Thoughts After Q1 2025 Earnings

A portfolio memo after a quarter with both new-high names and laggards, focused on avoiding excessive diversification

Written: 2025-05-15 · Asset allocation and trading discipline · Original Naver Blog post

You are responsible for your own investment decisions. This material is research and is not a recommendation to buy or sell.

0. Bottom line first

When I study companies, I end up finding too many companies I want to own, and trading becomes frequent. This quarter reminded me that if I bought something cheaply, I need to practice holding it longer unless a major problem appears, even when a new company looks better.

1. Portfolio State This Quarter

Official fact: In the source post, Palantir, Incar Financial Service, Easy Bio, and Mirae Asset Securities were listed as portfolio companies reaching new highs this quarter. InBody and Philoptics were described as still struggling near the bottom.

New highs

Palantir, Incar Financial Service, Easy Bio, Mirae Asset Securities

Portfolio companies that moved strongly this quarter and were reaching new highs.

Laggards

InBody, Philoptics

Portfolio companies that still felt stuck near the bottom.

Behavior

Reduce trading frequency

The more company research I do, the more names I want to buy, which creates the problem of trading too often.

2. The Rule I Am Practicing

Interpretation: Studying companies keeps increasing the number of companies I want to invest in. So if I bought cheaply, I am practicing holding longer unless a major problem appears, even when another company looks more attractive.

Portfolio Behavior RuleThe more opportunities appear, the more holding discipline and concentration matter
More researchMore attractive companies
TemptationFrequent trades and switching
RuleHold cheap purchases longer
ControlAvoid over-diversification
Life is long, and choosing not to invest in every visible opportunity is also part of allocation.

3. Areas I Want But Am Holding Back On

I wanted to invest in renewables, but I am being patient. A large opportunity seems visible, but chasing every opportunity could make the portfolio overly diversified.

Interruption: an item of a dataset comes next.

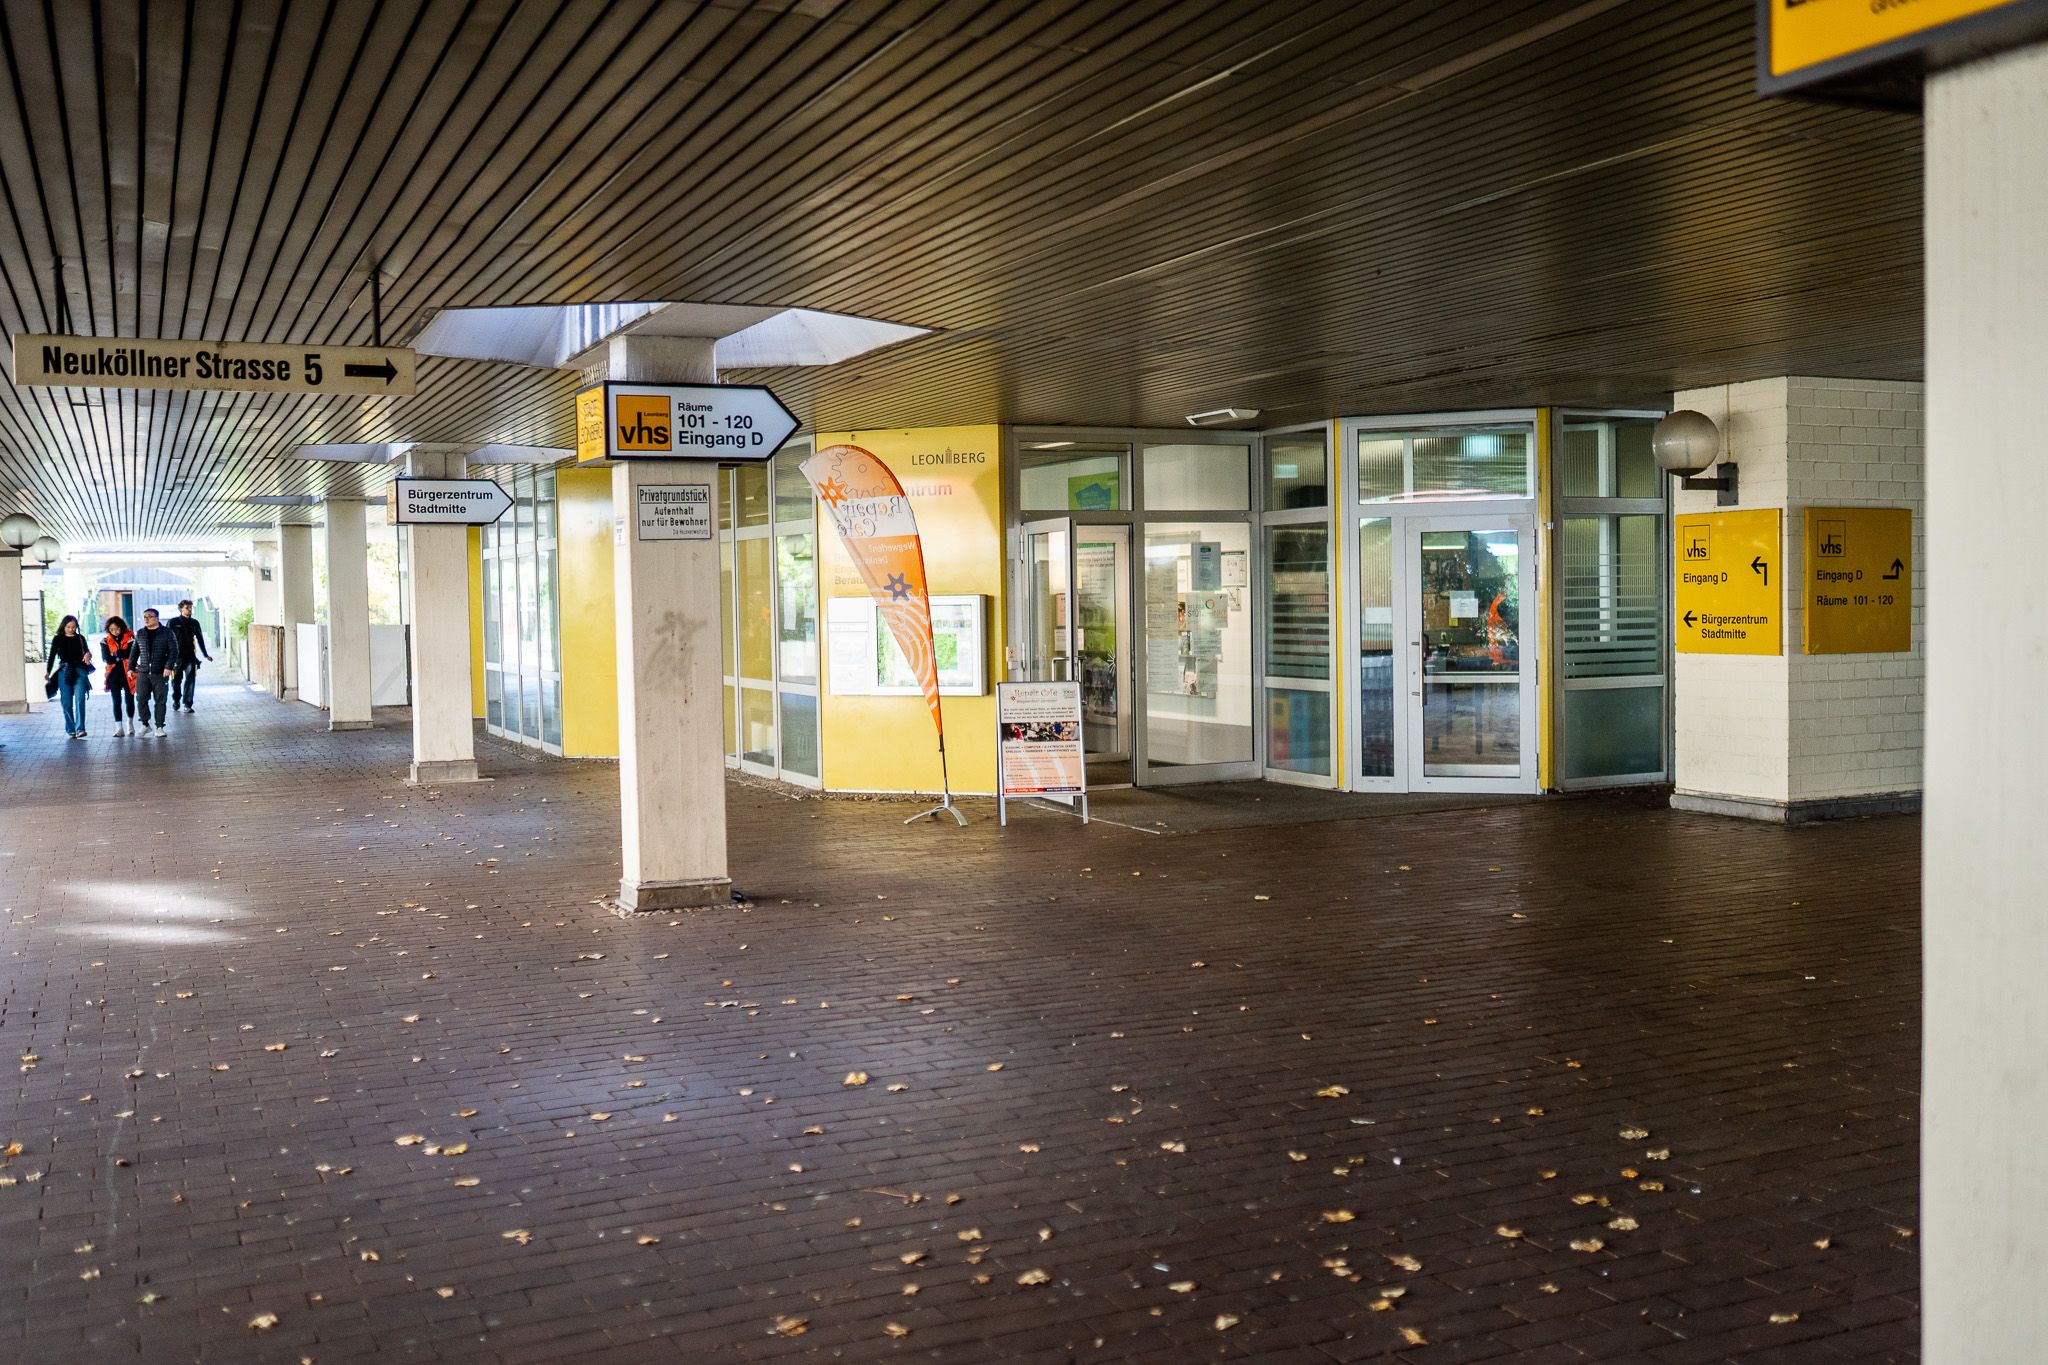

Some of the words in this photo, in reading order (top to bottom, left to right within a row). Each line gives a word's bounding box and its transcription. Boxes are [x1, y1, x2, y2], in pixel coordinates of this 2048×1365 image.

For nuclear power, I already have exposure through ETFs in my defined-contribution retirement account. So instead of trying to grab every additional opportunity in a separate account, I am thinking about the balance between existing exposure and new opportunities.

4. Asset Allocation Memo

  • Even with stocks at new highs, the overall portfolio is not always comfortable.
  • When laggards are mixed in, I need to separate a broken thesis from simple price weakness.
  • Even if a new company looks attractive, I should not too easily abandon a company I bought cheaply.
  • Not investing in a visible opportunity is training to avoid excessive diversification.